**Given records**
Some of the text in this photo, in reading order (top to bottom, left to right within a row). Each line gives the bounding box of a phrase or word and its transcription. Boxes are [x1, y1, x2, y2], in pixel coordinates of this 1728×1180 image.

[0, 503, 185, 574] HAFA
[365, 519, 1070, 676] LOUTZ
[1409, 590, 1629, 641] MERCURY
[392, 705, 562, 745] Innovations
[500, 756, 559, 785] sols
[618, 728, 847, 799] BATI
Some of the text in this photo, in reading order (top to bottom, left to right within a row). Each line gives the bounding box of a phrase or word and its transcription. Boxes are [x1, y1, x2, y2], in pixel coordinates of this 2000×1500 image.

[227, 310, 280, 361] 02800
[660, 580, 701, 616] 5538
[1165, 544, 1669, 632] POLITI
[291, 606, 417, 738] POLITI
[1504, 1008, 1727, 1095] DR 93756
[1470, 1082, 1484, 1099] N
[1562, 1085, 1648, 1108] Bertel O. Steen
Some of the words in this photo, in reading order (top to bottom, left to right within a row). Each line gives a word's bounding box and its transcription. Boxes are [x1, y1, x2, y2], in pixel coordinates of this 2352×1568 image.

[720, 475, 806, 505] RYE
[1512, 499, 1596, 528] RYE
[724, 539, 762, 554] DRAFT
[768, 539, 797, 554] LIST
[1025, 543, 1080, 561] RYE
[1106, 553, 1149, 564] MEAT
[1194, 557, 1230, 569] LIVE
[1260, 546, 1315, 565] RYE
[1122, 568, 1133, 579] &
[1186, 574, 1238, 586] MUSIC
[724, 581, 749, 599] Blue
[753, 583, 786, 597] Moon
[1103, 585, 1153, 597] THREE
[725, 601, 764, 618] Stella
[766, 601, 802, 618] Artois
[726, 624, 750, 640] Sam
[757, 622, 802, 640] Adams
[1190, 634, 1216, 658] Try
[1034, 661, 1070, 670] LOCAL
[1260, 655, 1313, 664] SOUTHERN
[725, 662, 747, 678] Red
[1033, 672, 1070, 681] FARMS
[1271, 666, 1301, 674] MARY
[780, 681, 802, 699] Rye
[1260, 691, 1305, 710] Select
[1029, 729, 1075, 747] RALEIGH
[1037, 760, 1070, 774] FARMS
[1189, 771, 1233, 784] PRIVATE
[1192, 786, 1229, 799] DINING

**The task**
All the entries above need to be reproduced exactly.

**Output of the task**
Some of the text in this photo, in reading order (top to bottom, left to right within a row). Each line gives the bounding box of a phrase or word and its transcription. Boxes are [x1, y1, x2, y2], in pixel coordinates of this 1728×1180 image.

[0, 503, 185, 574] HAFA
[365, 519, 1070, 676] LOUTZ
[1409, 590, 1629, 641] MERCURY
[392, 705, 562, 745] Innovations
[500, 756, 559, 785] sols
[618, 728, 847, 799] BATI
Some of the text in this photo, in reading order (top to bottom, left to right within a row). Each line gives the bounding box of a phrase or word and its transcription. Boxes are [x1, y1, x2, y2], in pixel coordinates of this 2000×1500 image.

[227, 310, 280, 361] 02800
[660, 580, 701, 616] 5538
[1165, 544, 1669, 632] POLITI
[291, 606, 417, 738] POLITI
[1504, 1008, 1727, 1095] DR 93756
[1470, 1082, 1484, 1099] N
[1562, 1085, 1648, 1108] Bertel O. Steen
Some of the words in this photo, in reading order (top to bottom, left to right within a row). Each line gives a word's bounding box and its transcription. Boxes are [x1, y1, x2, y2], in pixel coordinates of this 2352×1568 image.

[720, 475, 806, 505] RYE
[1512, 499, 1596, 528] RYE
[724, 539, 762, 554] DRAFT
[768, 539, 797, 554] LIST
[1025, 543, 1080, 561] RYE
[1106, 553, 1149, 564] MEAT
[1194, 557, 1230, 569] LIVE
[1260, 546, 1315, 565] RYE
[1122, 568, 1133, 579] &
[1186, 574, 1238, 586] MUSIC
[724, 581, 749, 599] Blue
[753, 583, 786, 597] Moon
[1103, 585, 1153, 597] THREE
[725, 601, 764, 618] Stella
[766, 601, 802, 618] Artois
[726, 624, 750, 640] Sam
[757, 622, 802, 640] Adams
[1190, 634, 1216, 658] Try
[1034, 661, 1070, 670] LOCAL
[1260, 655, 1313, 664] SOUTHERN
[725, 662, 747, 678] Red
[1033, 672, 1070, 681] FARMS
[1271, 666, 1301, 674] MARY
[780, 681, 802, 699] Rye
[1260, 691, 1305, 710] Select
[1029, 729, 1075, 747] RALEIGH
[1037, 760, 1070, 774] FARMS
[1189, 771, 1233, 784] PRIVATE
[1192, 786, 1229, 799] DINING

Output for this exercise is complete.